I am a klutz. I often hit post just after I hit reply which leaves the post I meant to reply to quoted but empty of comment. I then go and edit the post and in the middle or near the end of saying what I wanted to say, I hit some key and it cancels the edit. I haven't yet, it seems, learned not to do this and if there is anything I hate, it's having to do something a second time when it never ever feels as right as the first time. I want to reply but I will almost never ever do it twice. Everything for me is in the spontaneous creation and everything else is just work. I really don't like work. So I meant not winning and losing but posting or having my post disappear before I can post it. I'm not interested exactly interested in politics either, but I am interested is most everything including human nature which is one way of seeing politics.

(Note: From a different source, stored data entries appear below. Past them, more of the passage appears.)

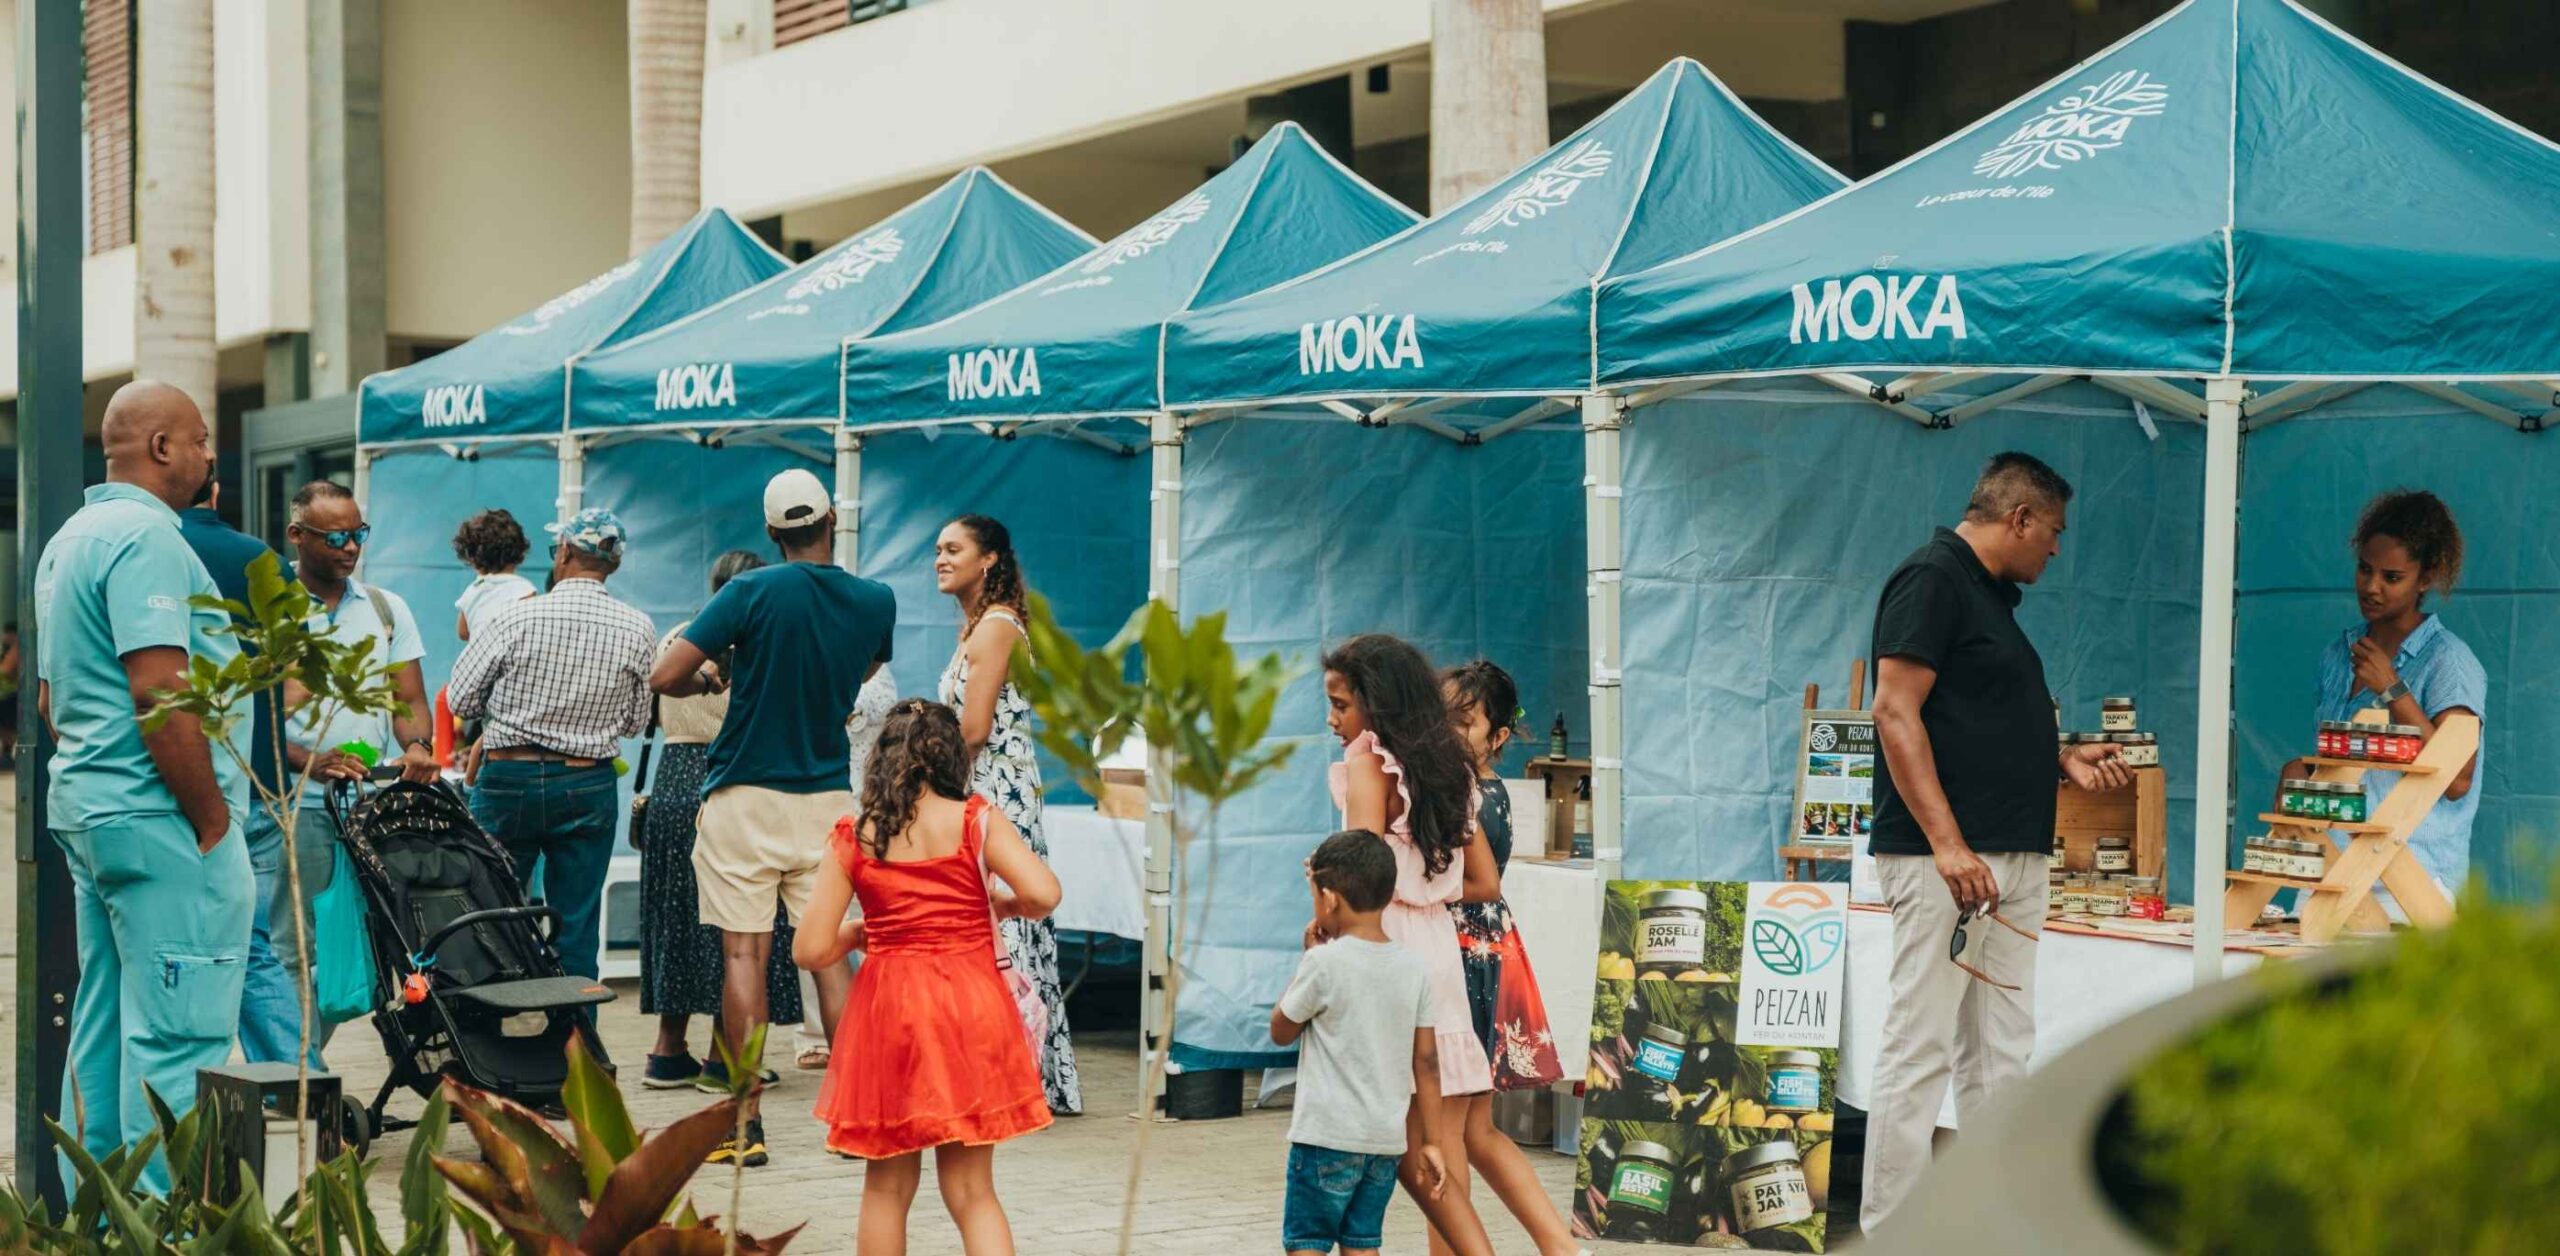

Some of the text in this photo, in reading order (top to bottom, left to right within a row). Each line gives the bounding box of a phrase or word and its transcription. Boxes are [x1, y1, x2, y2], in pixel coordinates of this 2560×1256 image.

[1998, 113, 2133, 147] MOKA
[1990, 185, 2016, 197] de
[1790, 274, 1967, 344] MOKA
[1300, 313, 1424, 375] MOKA
[655, 362, 736, 411] MOKA
[948, 347, 1041, 401] MOKA
[422, 384, 486, 427] MOKA
[1848, 725, 1874, 741] PEIZAN
[1648, 937, 1676, 948] JAM
[1649, 926, 1700, 937] ROSELLE
[1754, 988, 1827, 1027] PEIZAN
[1621, 1171, 1662, 1192] BASIL

After I lost the post I was going to retry answering it but I got called away to help my niece and haven't been back until now so I may as well at least respond to something of yours I had earlier wanted to respond to:

It isn't that there is no such thing as good and evil. It is that good and evil are ideas created by a duality possible via language to create things that don't exist but do exist as the result of the persistent belief that the duality is real. This is a paradoxical concept that require a mystical, higher cognitive connection, inspiration, insight, peek experience, etc. to comprehend. Thought is fear. Thought is time. Thought is memory of the past, meanings with emotional experiences connected to sound, the sound of works. A tree is not a word nor is a tree anything language can convey. Tree is the concept we create in our head that stands for something we first experiences undifferentiated from the forest and the reflections of light from the oneness of everything that entered our eyes. Language creates thought and thought divides. It also evokes our conditioning, what we experiences as a result of words, like you are bad.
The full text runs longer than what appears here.